### Task directions
What is needed is an exact copy of the entries, with the pictures excluded.

### Free-text object descriptions
• • •

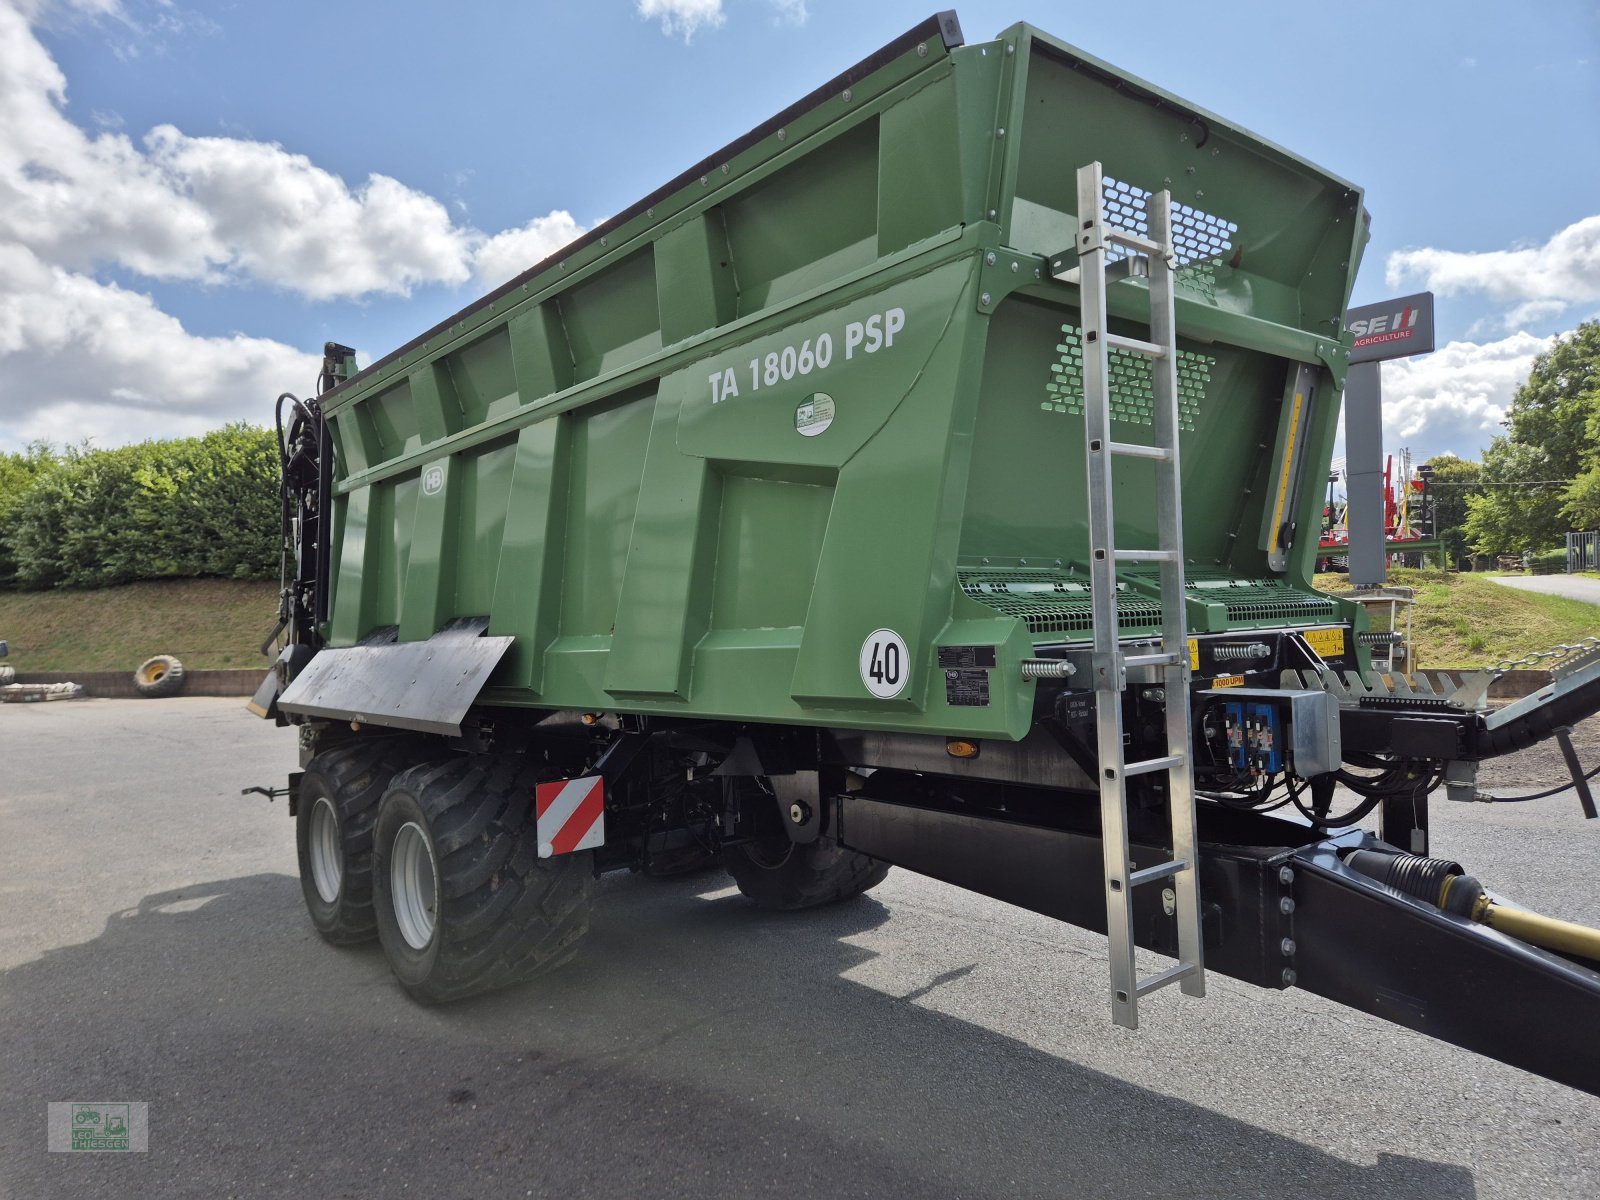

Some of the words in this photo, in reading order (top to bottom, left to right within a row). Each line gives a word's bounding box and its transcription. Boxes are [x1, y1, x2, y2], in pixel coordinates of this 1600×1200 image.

[1344, 315, 1389, 338] SE
[1353, 330, 1412, 347] AGRICULTURE
[708, 368, 740, 405] TA
[749, 332, 833, 392] 18060
[844, 307, 906, 361] PSP
[869, 642, 900, 685] 40

• • •

### Task answer
Some of the words in this photo, in reading order (top to bottom, left to right within a row). Each line gives a word's bounding box and its transcription. Boxes are [x1, y1, x2, y2], in pixel coordinates of this 1600×1200 image.

[1344, 315, 1389, 338] SE
[1353, 330, 1412, 347] AGRICULTURE
[708, 368, 740, 405] TA
[749, 332, 833, 392] 18060
[844, 307, 906, 361] PSP
[869, 642, 900, 685] 40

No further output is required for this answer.